Everyone has the ability to shape their own future. Wether is is their own future they are shaping or following in the steps of another they have to make decisions that best benefits them. At the young age of 14 I choose to drift away from the life my father lead and started my own legacy.

I was just five years old when my parents divorced, and fortunately my mother received full custody of my siblings and I. My father was allowed to visit us only with my mother's written permission. It was when my parents divorced that I learned the true life that my father leads. My father is an avid liar, an excessive drinker and gambler, he even framed his own father just to save himself from imprisonment.

Sadly I looked up to the examples he gave me and I somewhat I followed his footsteps by purposely failing school and disrespecting my elders.
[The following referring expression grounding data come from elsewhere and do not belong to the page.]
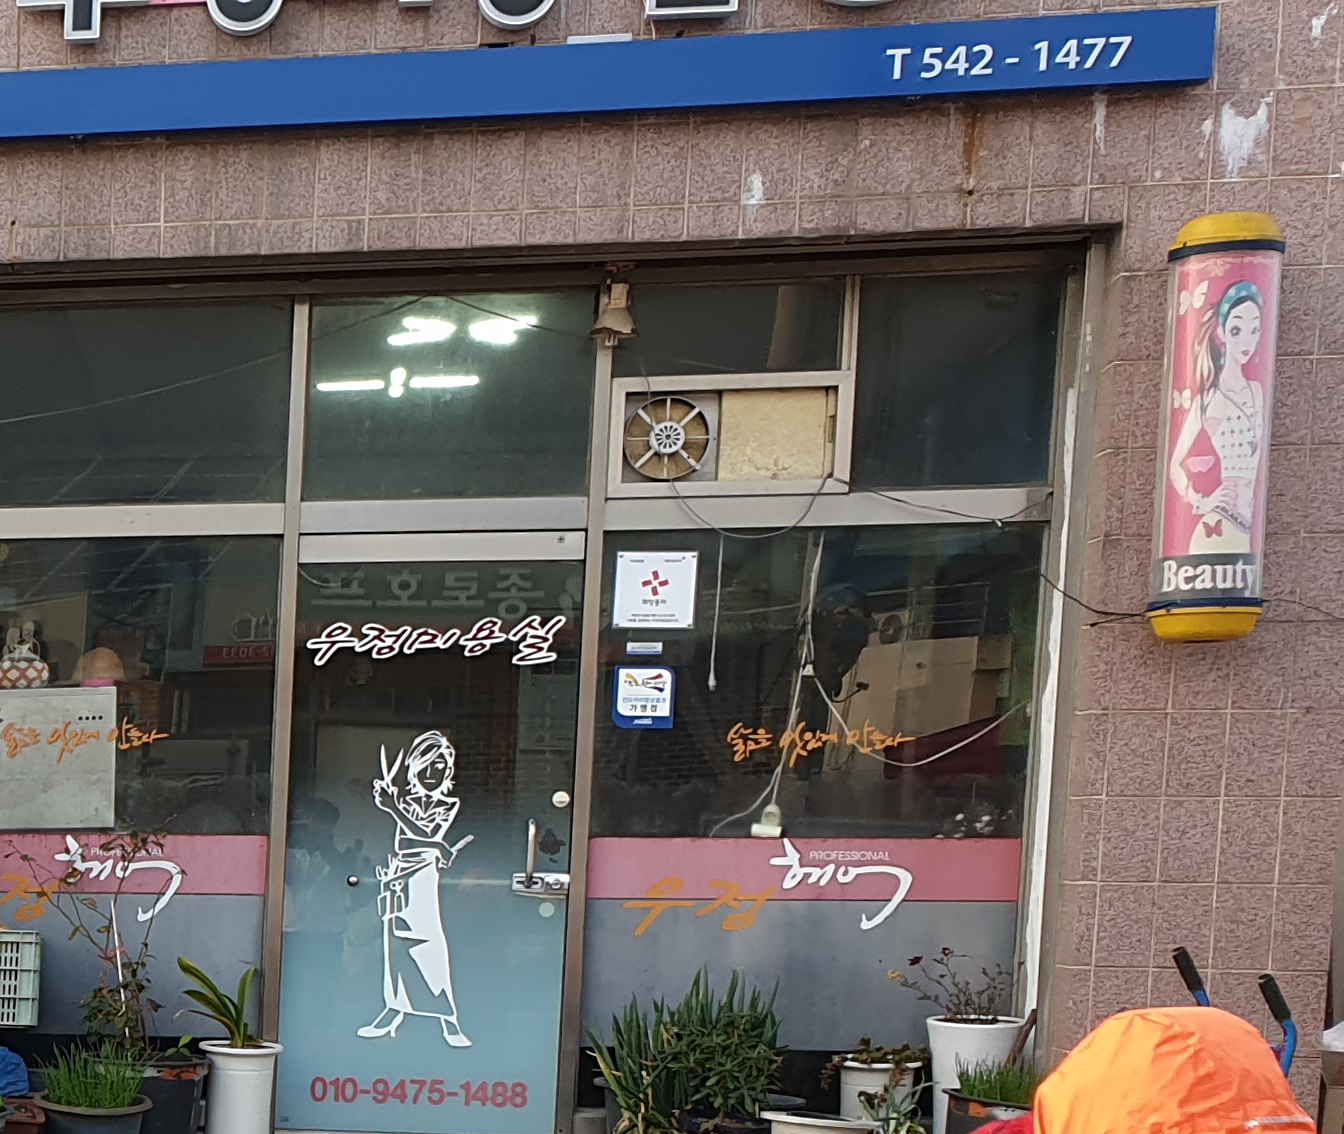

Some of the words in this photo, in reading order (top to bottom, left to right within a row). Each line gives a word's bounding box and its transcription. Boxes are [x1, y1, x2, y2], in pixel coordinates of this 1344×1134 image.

[1161, 558, 1257, 597] Beauty
[307, 616, 567, 667] 우정미용실
[629, 704, 659, 713] 가맹점
[810, 850, 891, 861] PROFESSIONAL
[622, 876, 777, 937] 우정
[310, 1076, 529, 1109] 010-9475-1488
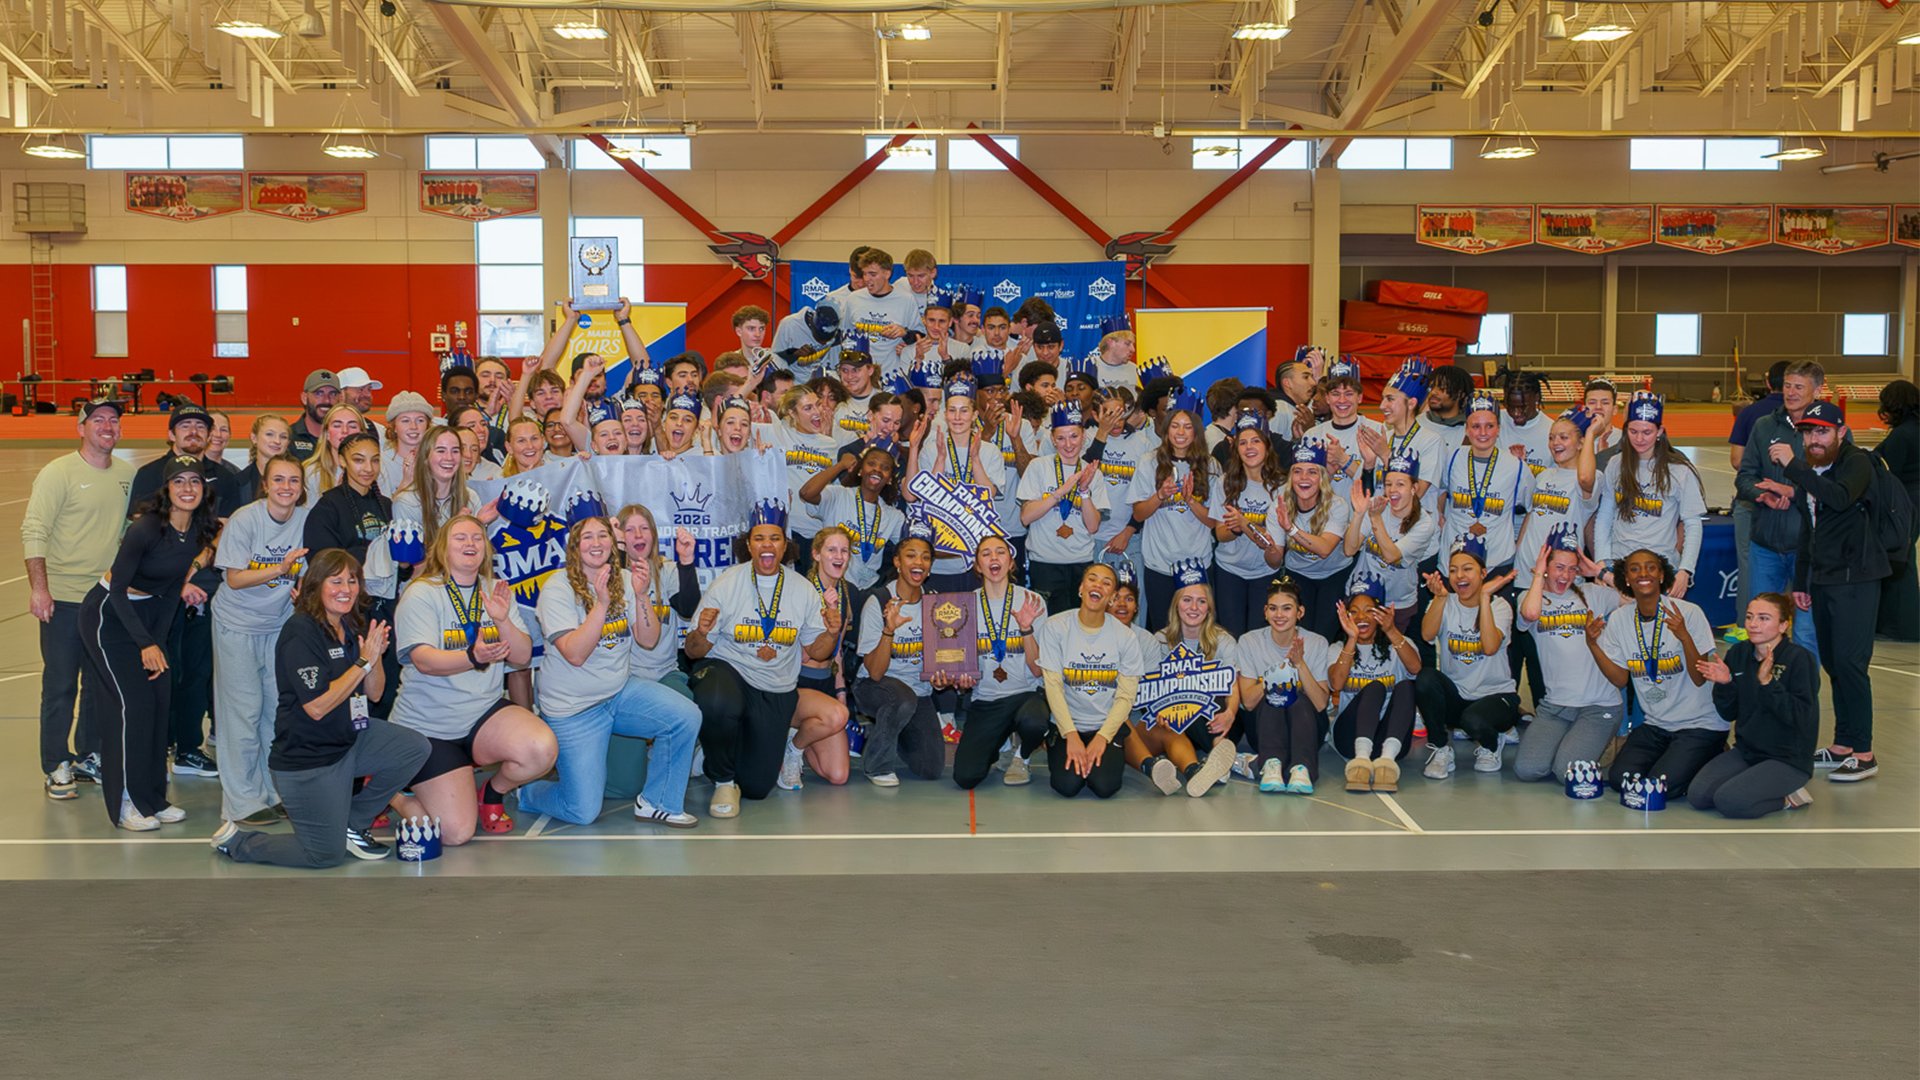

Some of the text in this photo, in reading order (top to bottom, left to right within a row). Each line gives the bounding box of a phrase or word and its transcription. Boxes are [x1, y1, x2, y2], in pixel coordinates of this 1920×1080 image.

[804, 285, 828, 294] RMAC
[995, 286, 1020, 296] RMAC
[1090, 284, 1115, 294] RMAC
[1423, 292, 1442, 300] GILL
[568, 332, 620, 359] YOURS
[952, 484, 996, 525] RMAC
[674, 514, 710, 525] 2026
[925, 506, 946, 518] INDOOR
[946, 516, 964, 533] TRACK
[702, 524, 740, 538] TRACK
[940, 524, 956, 540] 2026
[938, 609, 959, 617] RMAC
[1162, 658, 1201, 678] RMAC
[1152, 698, 1170, 710] INDOOR
It wasn't until my first day of High School in this great state of Colorado that I finally realized the great truths of success. I finally realized that you cannot succeed without an education and nor can you succeed without listening and respecting the people around you.

Since that day I have completely turned my life around. From catching up to my academic studies to enrolling at Pueblo Community College at the age of 16 to establishing my own small business in the second quarter at the age of 15. I have been trying to reach my full potential in hopes of reaching my dream of becoming an educated Latino and becoming the first of my family to earn a College Education.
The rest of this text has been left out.